Fig. 4: CPK1 interacts with the N termini of CNGC5/6/9.

a, b The interactions of CPK1 with the N termini of CNGC5/6/9 were observed using the Y2-H assay (a) and firefly luciferase complementation assay in N. benthamiana leaves (b). The expression of CPK1 and the N termini of CNGC5/6/9 in N. benthamiana leaves was verified by immuno-blot assay (c). The interactions of CPK1 to the N termini of CNGC5/6/9 were further verified by in vitro Co-IP: CNGC5-N (d), CNGC6-N (e), and CNGC9-N (f). The Y2-H assay was performed using the classical GAL4 Y2-H system. For the in vitro Co-IP assay, the CDS of CPK1 and CNGC5-N, CNGC6-N, CNGC9-N were cloned into the vectors 1305-UBQ10: Myc and 1305-UBQ10-Venus-Flag, respectively, downstream the UBQ10 promoter.
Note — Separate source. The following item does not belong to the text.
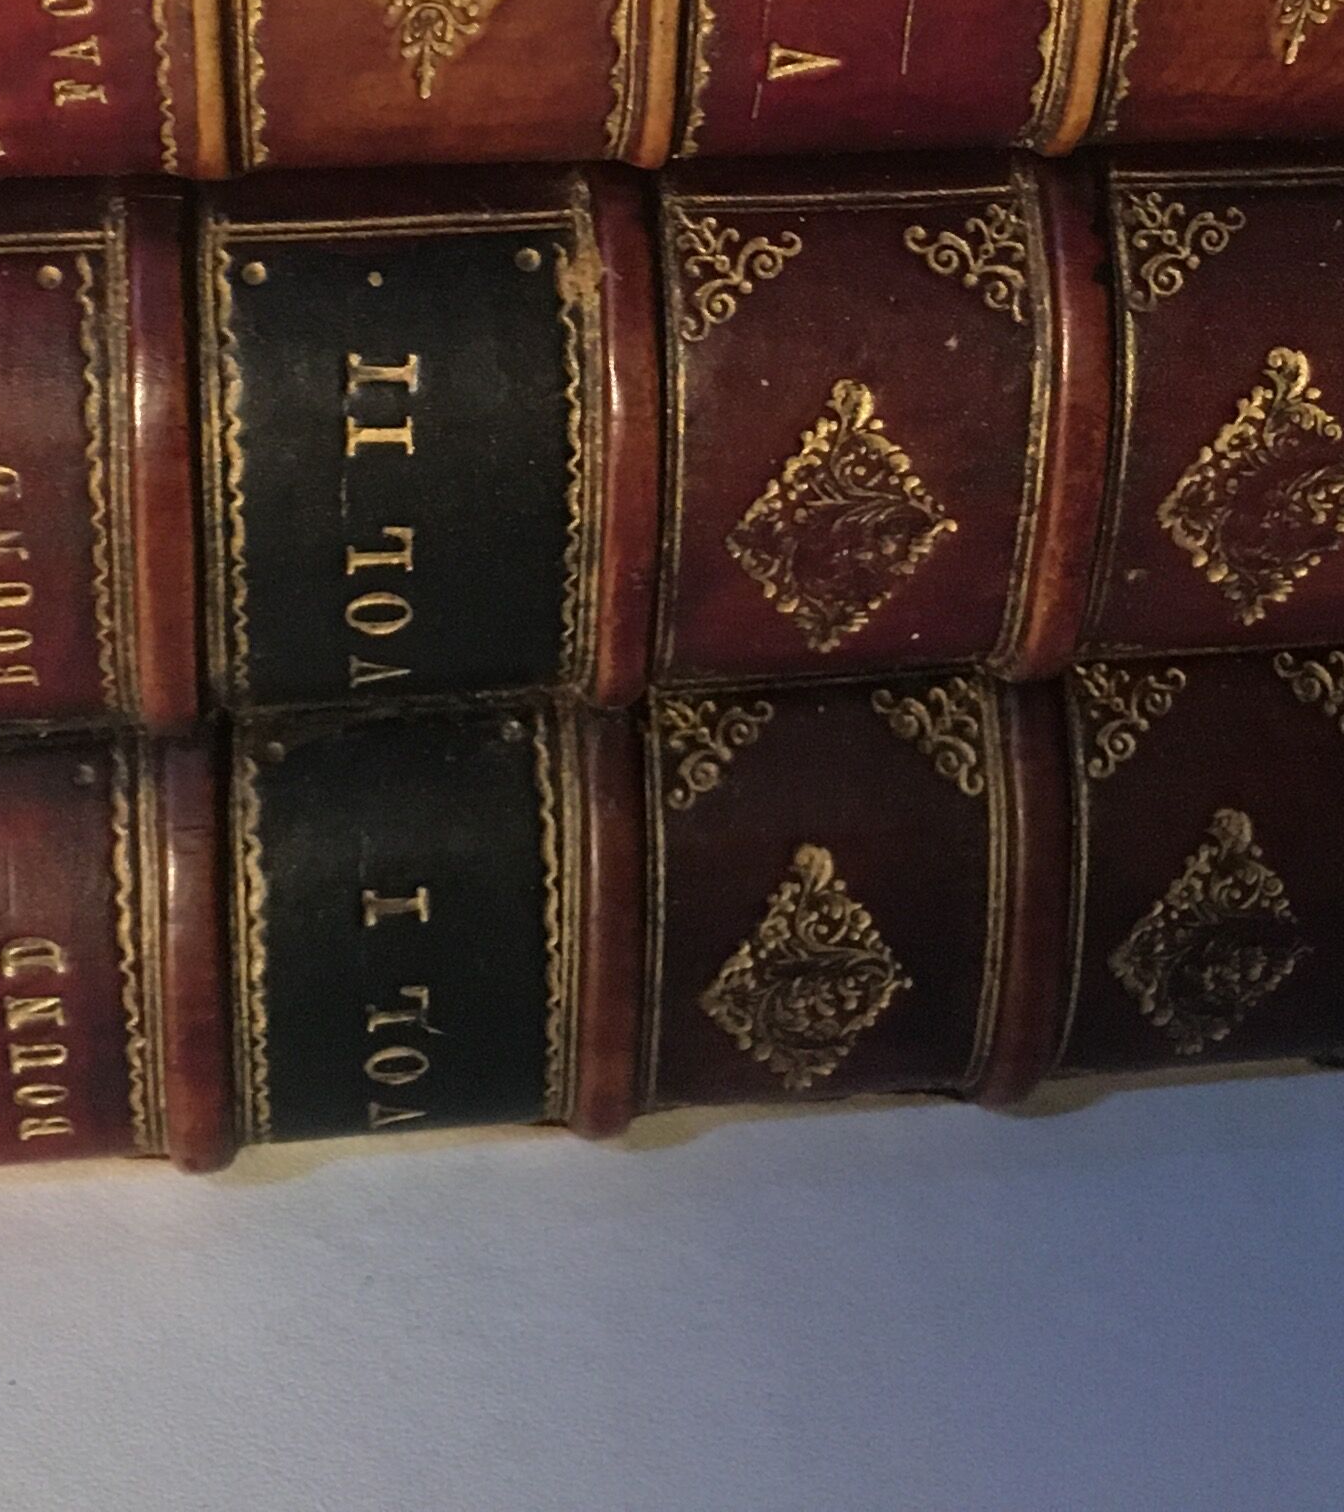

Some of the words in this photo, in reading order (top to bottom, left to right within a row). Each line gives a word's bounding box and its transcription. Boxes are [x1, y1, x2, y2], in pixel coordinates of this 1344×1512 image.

The vectors were co-transformed into N. benthamiana leaves, and the combined expression of mCherry-Myc and CNGC9-N-Venus-Flag was used as control. The fused proteins were extracted, and the antibodies against the Myc and Flag tags were used for immuno-blot analysis. Three biological replicates were conducted for all experiments. Abbreviations: C5 (CNGC5), C6 (CNGC6), C9 (CNGC9), C14 (CNGC14), and TM (transmembrane) in (a), W72 (WRKY72), 5 N (CNGC5-N), 6 N (CNGC6-N), and 9 N (CNGC9-N) in (b), C5-N-Ve (CNGC5-N-Venus) in (d), C6-N-Ve (CNGC6-N-Venus) in (e), and C9-N-Ve (CNGC9-N-Venus) in (f). Source data are provided as a Source Data file.